EPJ Nuclear Sciences & Technologies (Jan 2022)
Evaluation of the irradiation-averaged fission yield for burnup determination in spent fuel assays
Abstract
In order to derive the burnup of spent nuclear fuel from the concentration of selected fission products (typically the Nd isotopes and 137Cs), their irradiation-averaged fission yields need to be known with sufficient accuracy, as they evolve with the changes in the actinide vector over the irradiation history. To obtain irradiation-averaged values, radiochemists often resort to robust generic methods – i.e., based on simple mathematical relations – that weight the fission yields according to the actinides contributing to fission, without performing core physics calculations.
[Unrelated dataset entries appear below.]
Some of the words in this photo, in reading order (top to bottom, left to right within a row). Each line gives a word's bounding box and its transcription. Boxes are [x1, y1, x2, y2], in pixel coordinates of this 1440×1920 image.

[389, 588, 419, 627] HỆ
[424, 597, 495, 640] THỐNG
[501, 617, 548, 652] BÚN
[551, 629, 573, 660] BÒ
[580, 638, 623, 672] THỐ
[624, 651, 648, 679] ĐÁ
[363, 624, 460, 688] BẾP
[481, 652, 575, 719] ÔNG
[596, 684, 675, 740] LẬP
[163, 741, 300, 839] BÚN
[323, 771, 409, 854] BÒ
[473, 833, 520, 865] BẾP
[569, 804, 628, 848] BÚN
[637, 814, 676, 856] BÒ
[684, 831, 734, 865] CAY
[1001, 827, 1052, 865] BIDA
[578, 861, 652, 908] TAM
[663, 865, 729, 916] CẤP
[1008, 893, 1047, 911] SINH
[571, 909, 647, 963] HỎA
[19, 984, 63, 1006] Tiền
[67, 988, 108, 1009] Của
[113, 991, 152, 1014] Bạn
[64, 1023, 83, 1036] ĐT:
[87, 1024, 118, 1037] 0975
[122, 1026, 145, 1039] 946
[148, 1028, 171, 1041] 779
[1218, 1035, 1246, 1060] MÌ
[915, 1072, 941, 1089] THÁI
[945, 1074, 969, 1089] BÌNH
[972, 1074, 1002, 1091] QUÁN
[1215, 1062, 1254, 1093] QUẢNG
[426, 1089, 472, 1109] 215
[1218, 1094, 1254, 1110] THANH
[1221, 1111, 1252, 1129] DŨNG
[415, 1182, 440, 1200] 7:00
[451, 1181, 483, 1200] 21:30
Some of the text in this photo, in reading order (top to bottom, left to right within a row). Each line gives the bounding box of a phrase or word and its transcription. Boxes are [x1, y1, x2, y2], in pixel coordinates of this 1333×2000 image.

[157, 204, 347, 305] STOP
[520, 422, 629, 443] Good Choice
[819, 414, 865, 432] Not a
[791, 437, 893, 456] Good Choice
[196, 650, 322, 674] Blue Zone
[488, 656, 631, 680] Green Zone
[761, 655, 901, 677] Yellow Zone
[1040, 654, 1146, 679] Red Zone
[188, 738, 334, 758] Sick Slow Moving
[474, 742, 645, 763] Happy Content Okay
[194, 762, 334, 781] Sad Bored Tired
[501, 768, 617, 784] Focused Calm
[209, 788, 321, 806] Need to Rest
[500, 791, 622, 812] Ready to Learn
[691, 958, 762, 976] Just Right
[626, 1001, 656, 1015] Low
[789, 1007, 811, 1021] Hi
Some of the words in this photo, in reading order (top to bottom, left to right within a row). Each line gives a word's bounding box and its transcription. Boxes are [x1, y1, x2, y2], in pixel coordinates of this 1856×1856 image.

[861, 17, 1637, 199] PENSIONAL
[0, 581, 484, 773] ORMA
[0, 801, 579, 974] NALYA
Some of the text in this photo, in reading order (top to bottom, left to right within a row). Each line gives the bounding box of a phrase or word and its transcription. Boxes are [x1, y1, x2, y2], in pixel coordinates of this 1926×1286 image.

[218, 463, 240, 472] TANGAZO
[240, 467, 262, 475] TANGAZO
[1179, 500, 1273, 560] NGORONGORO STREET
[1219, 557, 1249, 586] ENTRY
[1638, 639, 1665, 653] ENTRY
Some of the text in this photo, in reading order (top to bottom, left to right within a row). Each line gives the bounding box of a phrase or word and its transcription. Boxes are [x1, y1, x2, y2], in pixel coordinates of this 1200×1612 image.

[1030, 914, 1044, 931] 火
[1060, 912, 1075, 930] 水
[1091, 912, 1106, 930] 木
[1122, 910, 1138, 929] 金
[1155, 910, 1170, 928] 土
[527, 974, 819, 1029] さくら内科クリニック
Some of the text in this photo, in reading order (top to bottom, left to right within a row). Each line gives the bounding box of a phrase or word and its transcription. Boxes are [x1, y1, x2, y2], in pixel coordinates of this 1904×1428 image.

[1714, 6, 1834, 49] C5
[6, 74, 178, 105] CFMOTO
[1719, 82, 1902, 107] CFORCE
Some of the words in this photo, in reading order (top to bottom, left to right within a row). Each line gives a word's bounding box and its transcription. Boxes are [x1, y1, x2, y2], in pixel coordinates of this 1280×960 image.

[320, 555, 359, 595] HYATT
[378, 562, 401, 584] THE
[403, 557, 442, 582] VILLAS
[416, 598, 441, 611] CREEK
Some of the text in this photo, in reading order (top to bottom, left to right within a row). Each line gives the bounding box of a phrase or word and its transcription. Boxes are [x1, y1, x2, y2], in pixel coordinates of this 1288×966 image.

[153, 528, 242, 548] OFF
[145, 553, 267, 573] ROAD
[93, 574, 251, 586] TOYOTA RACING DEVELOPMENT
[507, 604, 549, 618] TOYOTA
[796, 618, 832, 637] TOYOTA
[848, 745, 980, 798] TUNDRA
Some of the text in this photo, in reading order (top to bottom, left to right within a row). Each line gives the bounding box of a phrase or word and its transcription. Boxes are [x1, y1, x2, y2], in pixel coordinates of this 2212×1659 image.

In order to assess the performance of those generic methods, a database of about 30 000 spent nuclear fuel inventories has been constructed from neutron transport and depletion simulations, covering a representative range of fuel enrichment, burnup, assembly designs and reactor types. When testing several existing methods for effective fission yield calculation, some inaccuracies were identified, originating from improper one-group cross-section parameters that do not accurately reflect resonance and self-shielding effects, and too crude approximations in the estimation of the actinide concentration evolution. Revised effective fission and absorption cross-section parameters are then proposed here, as a first improvement to the earlier burnup determination methods. As a second step, a novel method is proposed that reduces the error on their radiation-averaged fission yield values, and hence on burnup, while retaining a straightforward calculation scheme.